■ **Required action**
Output all the data exactly. Pictures do not belong in the copy.

======== Listed entries

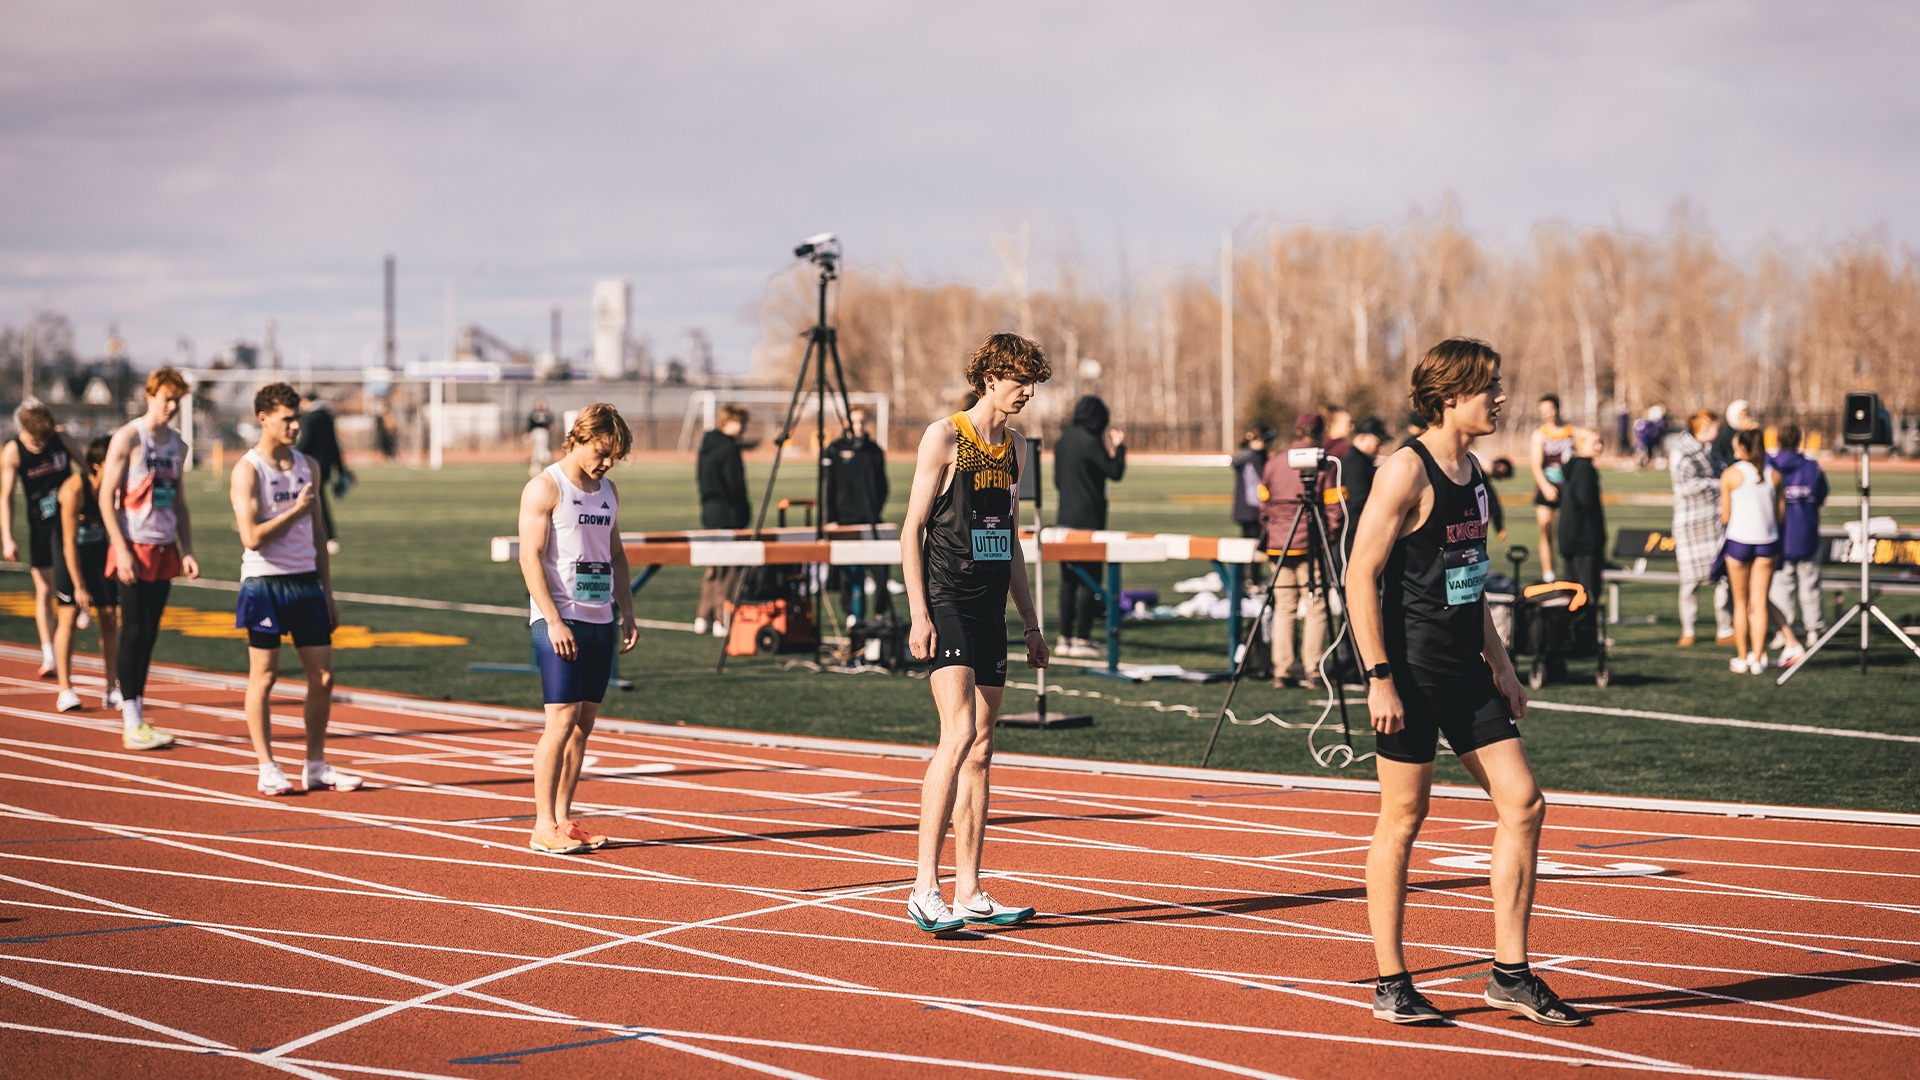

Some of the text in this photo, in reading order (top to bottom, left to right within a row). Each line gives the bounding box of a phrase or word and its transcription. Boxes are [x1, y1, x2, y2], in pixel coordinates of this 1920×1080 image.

[578, 513, 611, 526] CROWN
[974, 535, 1008, 553] UITTO
[576, 581, 611, 592] SWOBODA
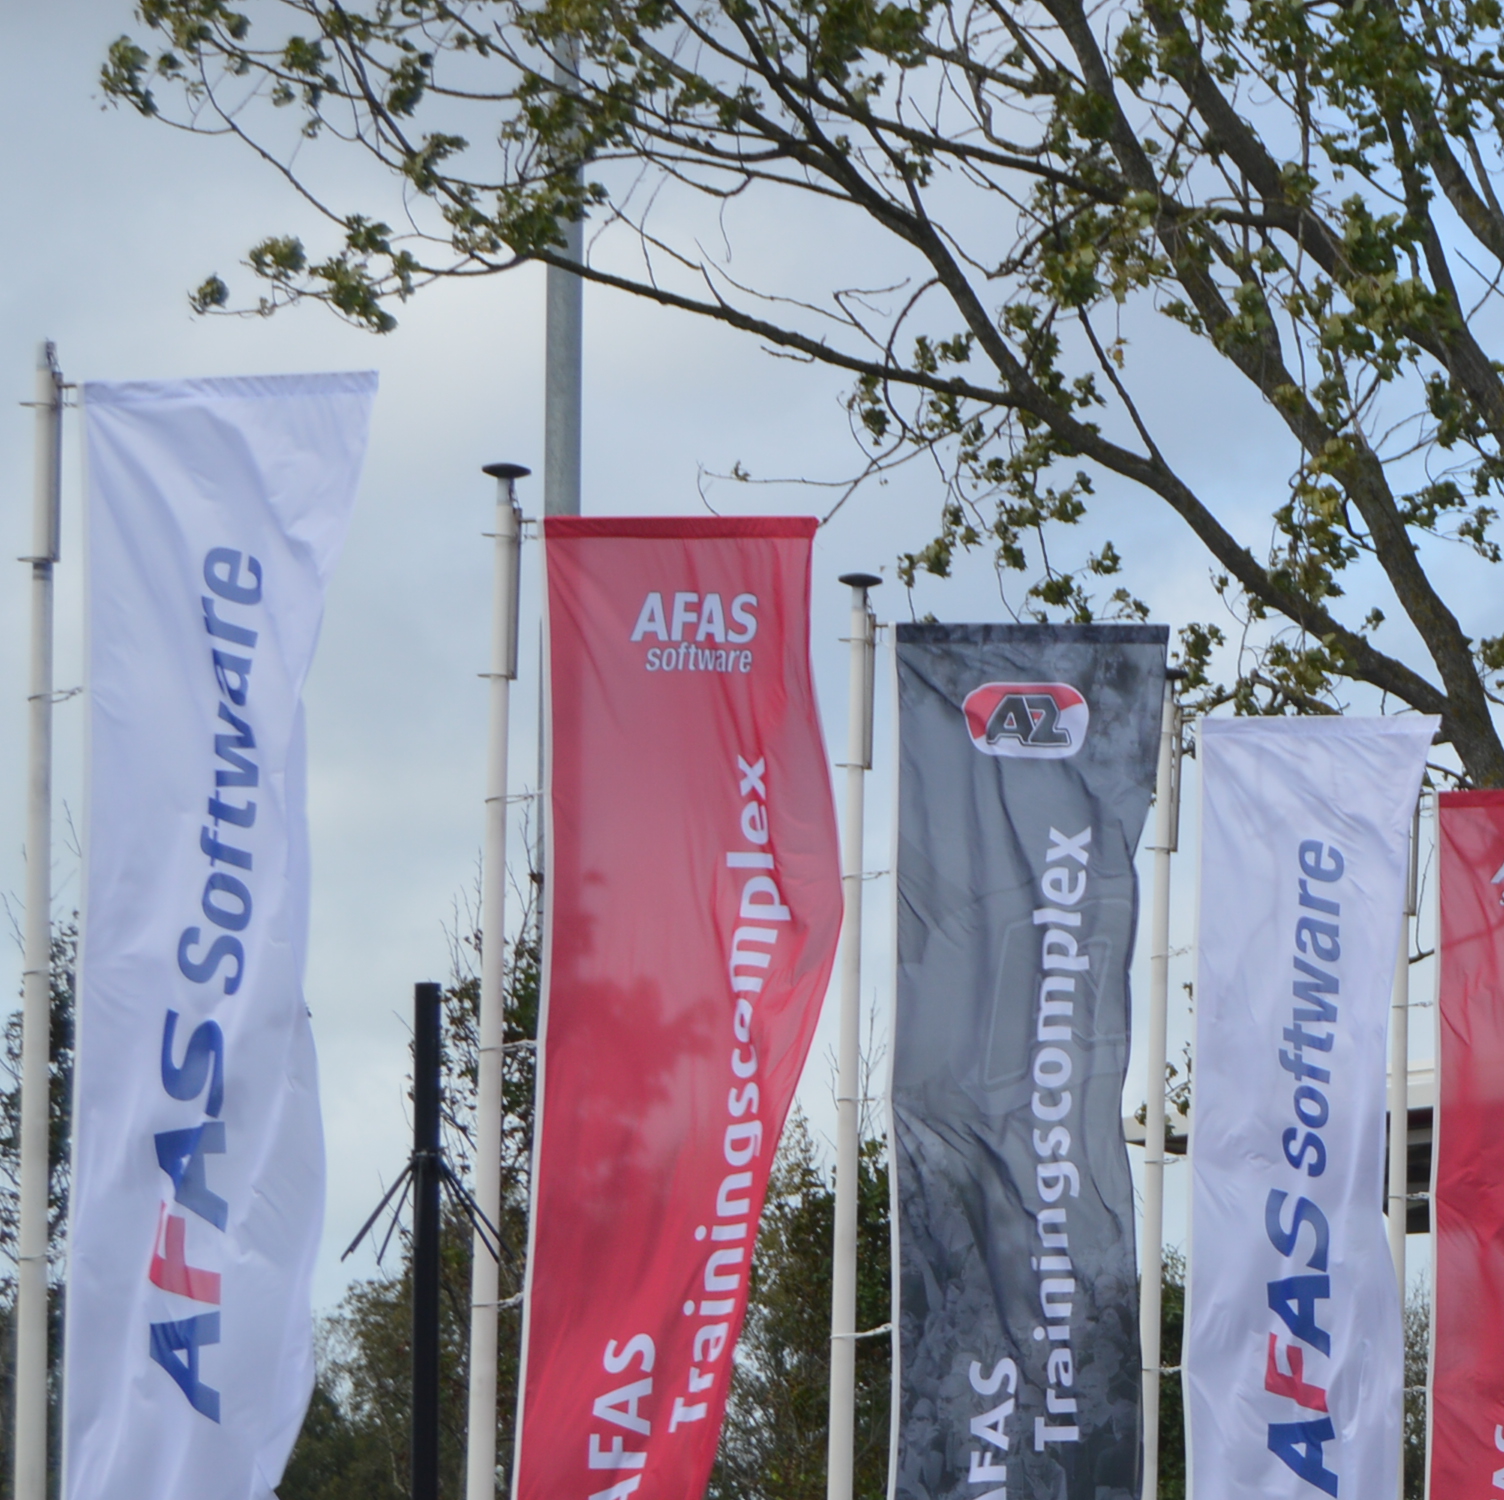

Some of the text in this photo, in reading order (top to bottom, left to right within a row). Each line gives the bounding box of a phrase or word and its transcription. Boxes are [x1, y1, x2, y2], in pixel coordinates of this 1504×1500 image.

[630, 592, 759, 643] AFAS
[645, 643, 753, 673] software
[986, 692, 1073, 748] AZ
[148, 546, 264, 1424] AFAS Software
[668, 755, 791, 1433] Trainingscomplex
[1032, 826, 1092, 1452] Trainingscomplex
[1264, 838, 1345, 1499] AFAS Software
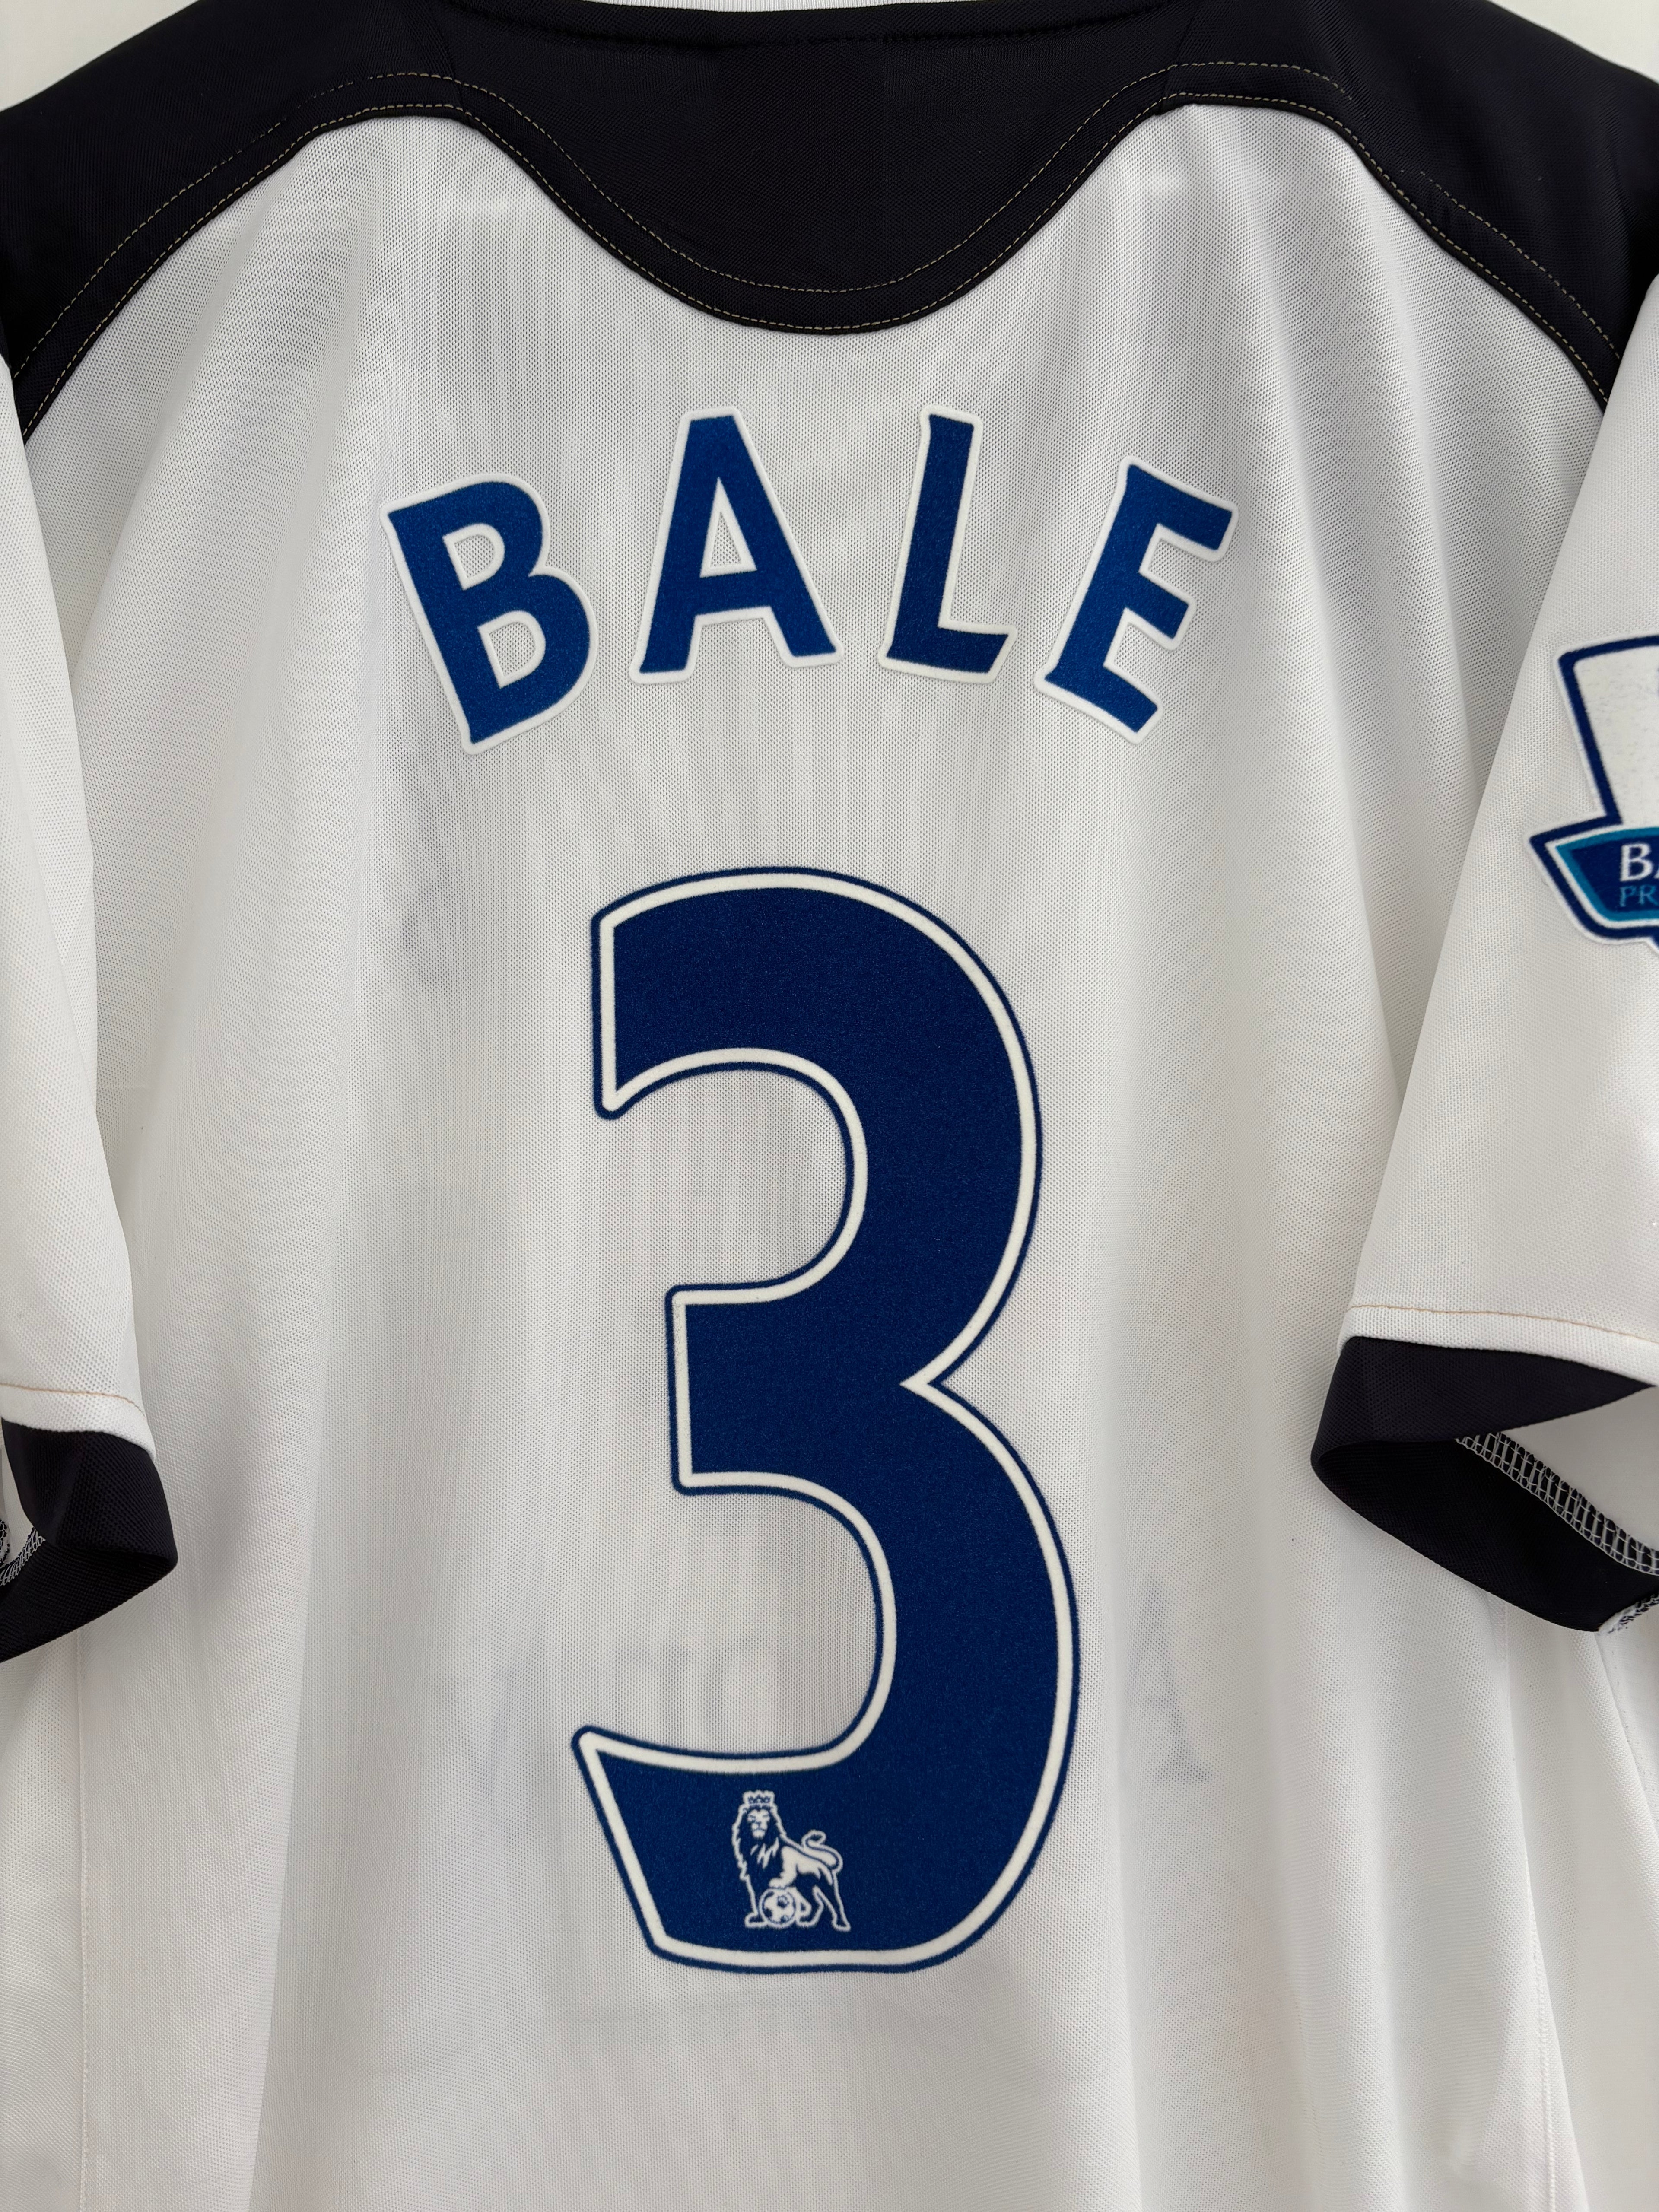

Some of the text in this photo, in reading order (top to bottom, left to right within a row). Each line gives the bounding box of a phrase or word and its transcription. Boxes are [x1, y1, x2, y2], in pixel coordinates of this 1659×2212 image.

================

■ **Task solution**
Some of the text in this photo, in reading order (top to bottom, left to right within a row). Each line gives the bounding box of a phrase or word and its transcription. Boxes are [x1, y1, x2, y2], in pixel coordinates of this 1920×1080 image.

[578, 513, 611, 526] CROWN
[974, 535, 1008, 553] UITTO
[576, 581, 611, 592] SWOBODA

Some of the text in this photo, in reading order (top to bottom, left to right within a row). Each line gives the bounding box of a phrase or word and its transcription. Boxes are [x1, y1, x2, y2], in pixel coordinates of this 1504×1500 image.

[630, 592, 759, 643] AFAS
[645, 643, 753, 673] software
[986, 692, 1073, 748] AZ
[148, 546, 264, 1424] AFAS Software
[668, 755, 791, 1433] Trainingscomplex
[1032, 826, 1092, 1452] Trainingscomplex
[1264, 838, 1345, 1499] AFAS Software

Some of the text in this photo, in reading order (top to bottom, left to right within a row). Each line gives the bounding box of a phrase or word and its transcription. Boxes are [x1, y1, x2, y2], in pixel coordinates of this 1659×2212 image.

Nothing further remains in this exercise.